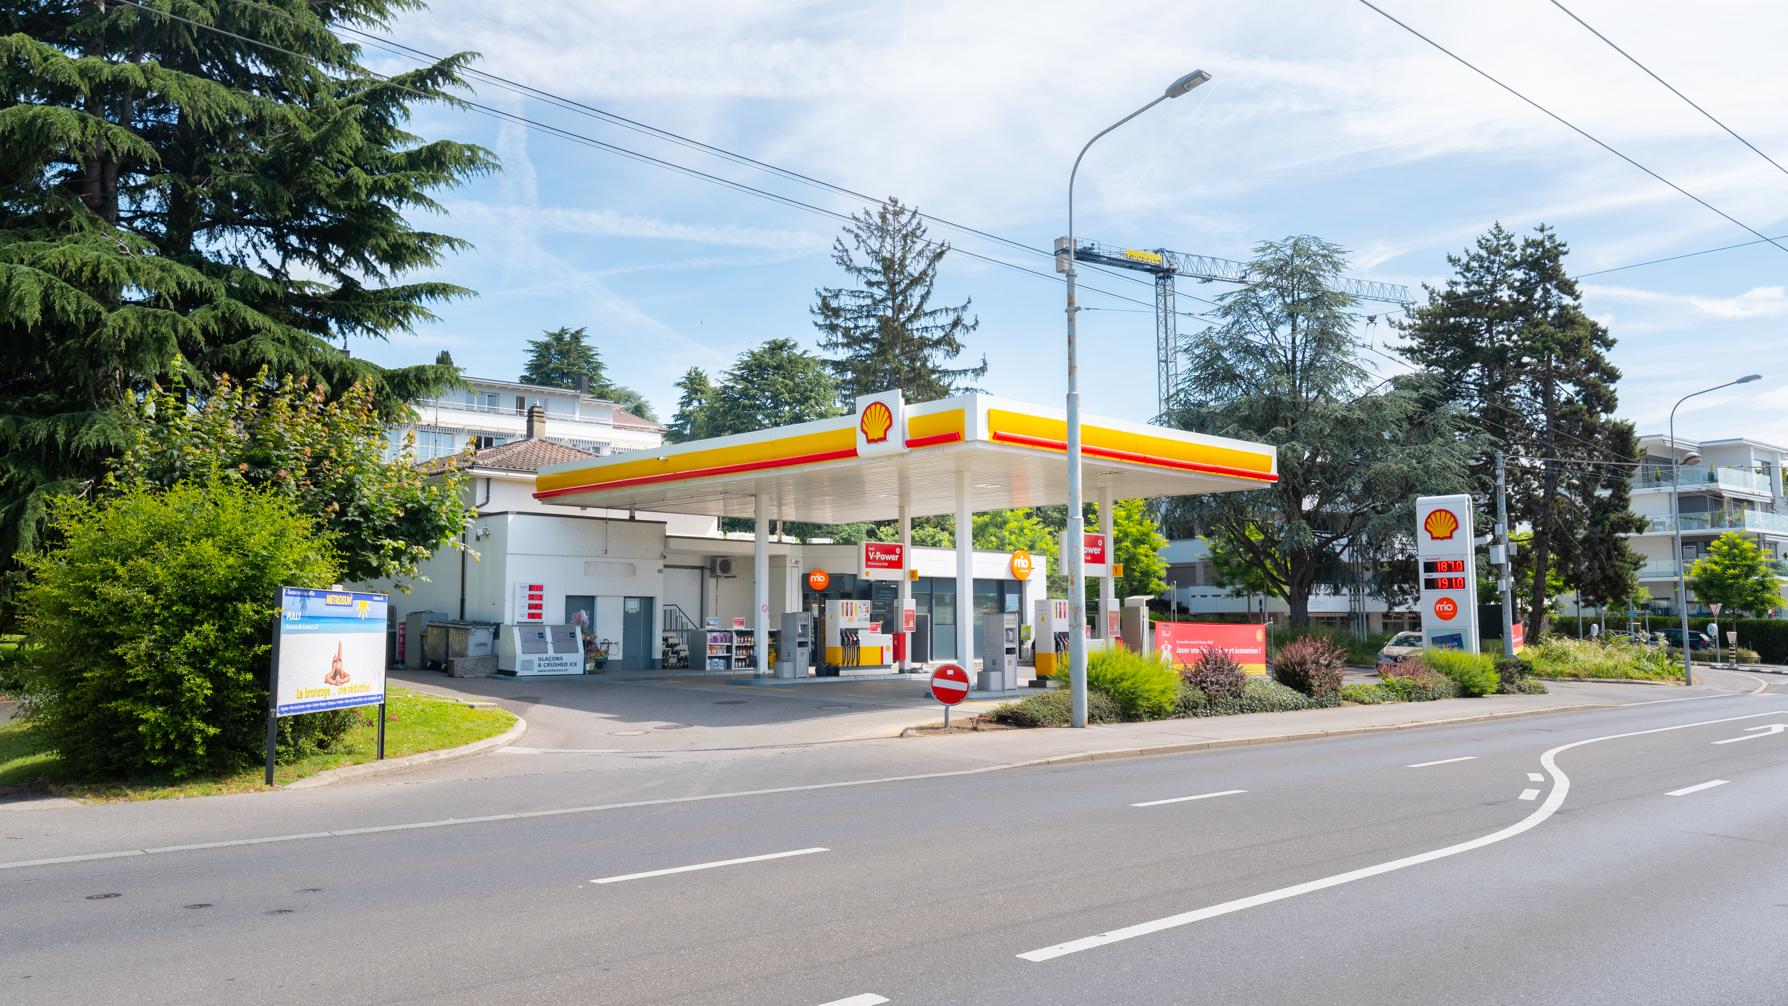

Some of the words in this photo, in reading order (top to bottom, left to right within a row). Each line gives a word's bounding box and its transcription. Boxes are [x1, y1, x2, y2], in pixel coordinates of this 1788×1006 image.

[1084, 546, 1102, 555] ower
[868, 552, 900, 561] V-Power
[1014, 555, 1029, 568] mio
[1437, 561, 1463, 572] 187.0
[810, 573, 825, 582] mio
[1438, 577, 1464, 589] 191.0
[1436, 601, 1454, 612] mio
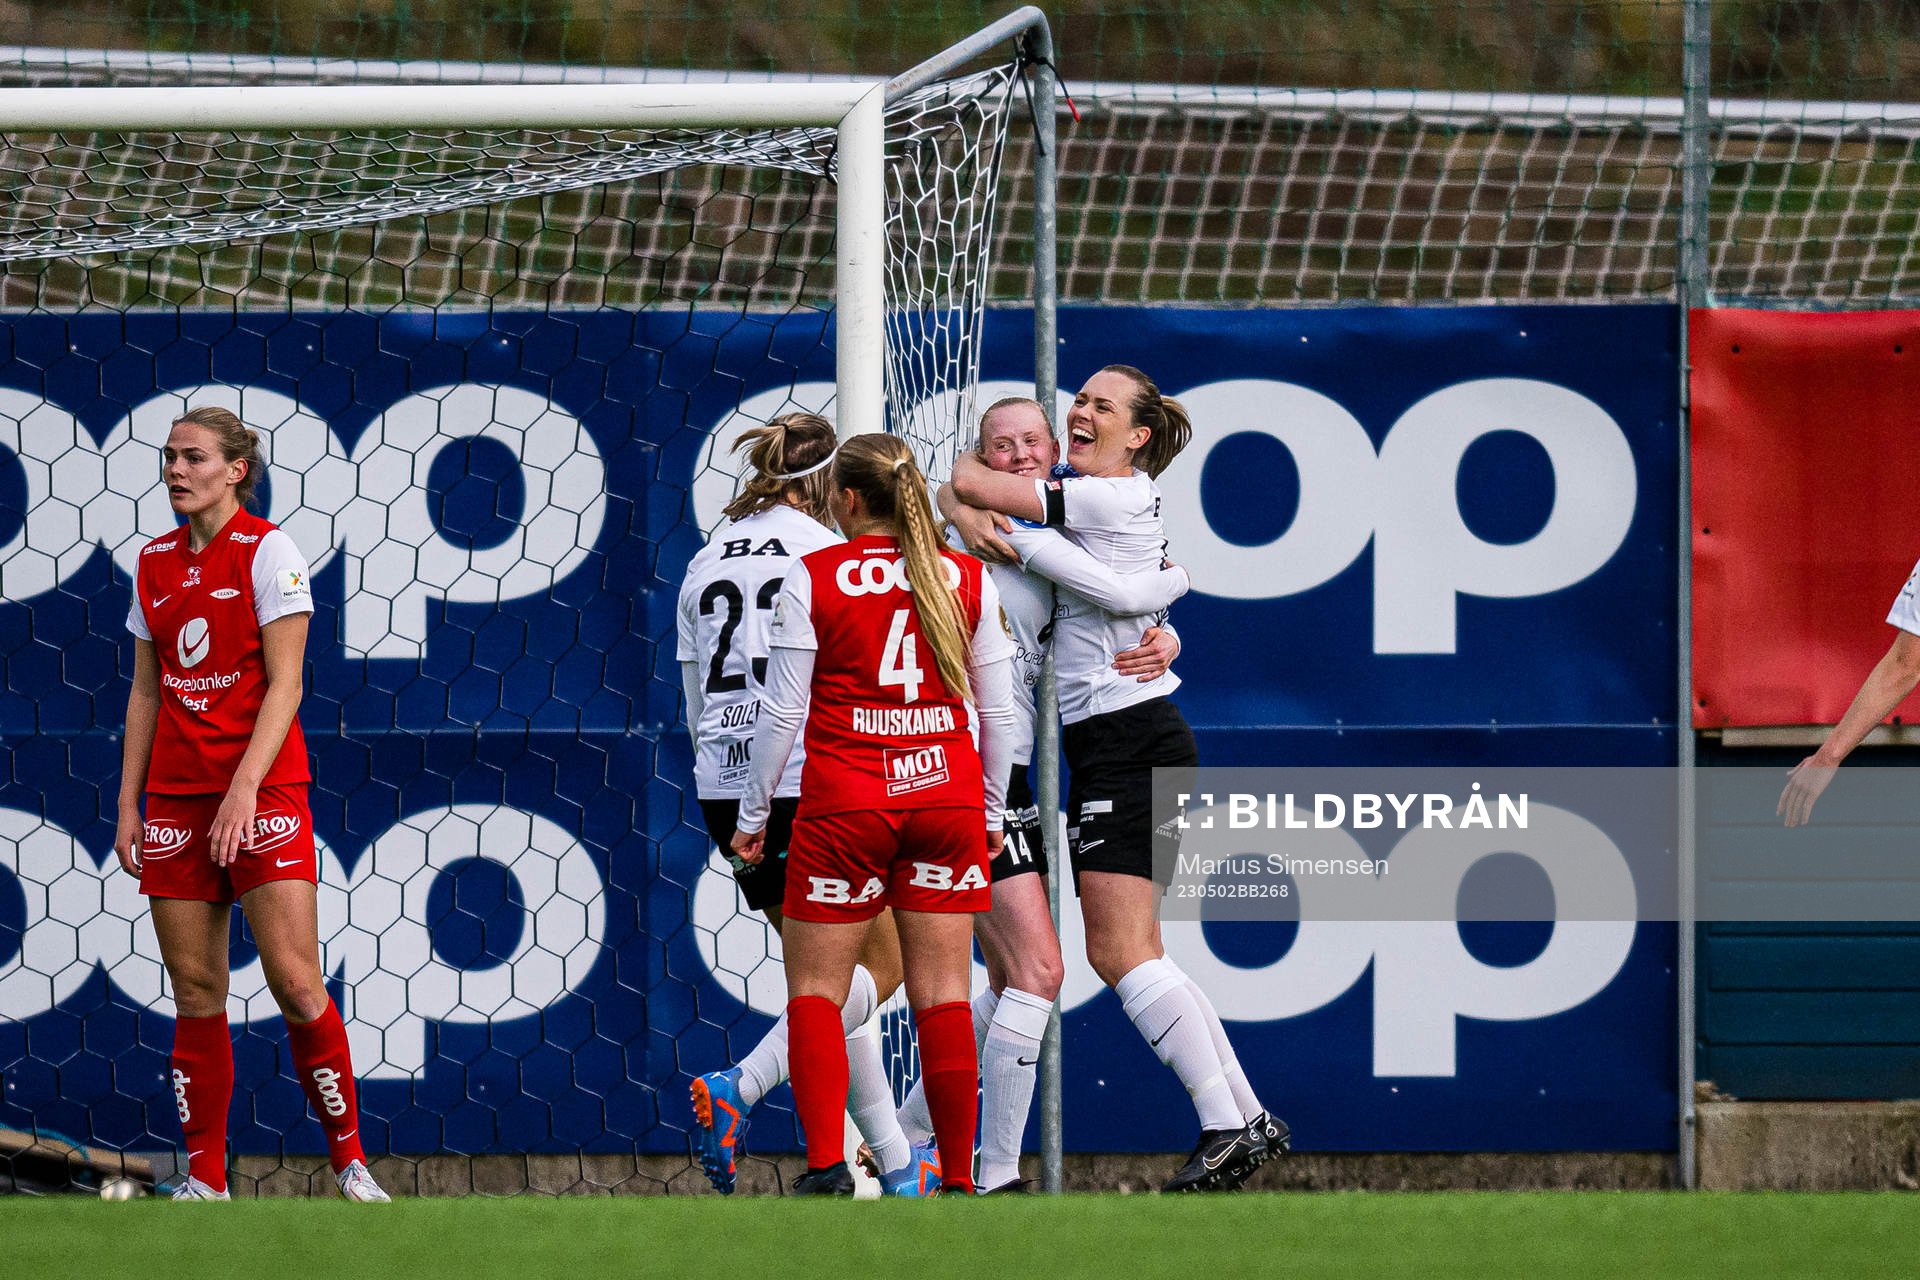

**********

**What is expected:** With the images omitted, output all entries exactly as given.

**Expected output:**
Some of the words in this photo, in reading order (top to bottom, left to right within a row). Each line gives a word's bounding box and its transcription. Boxes are [x1, y1, x2, y2], in pixel coordinates of this 1788×1006 image.

[1084, 546, 1102, 555] ower
[868, 552, 900, 561] V-Power
[1014, 555, 1029, 568] mio
[1437, 561, 1463, 572] 187.0
[810, 573, 825, 582] mio
[1438, 577, 1464, 589] 191.0
[1436, 601, 1454, 612] mio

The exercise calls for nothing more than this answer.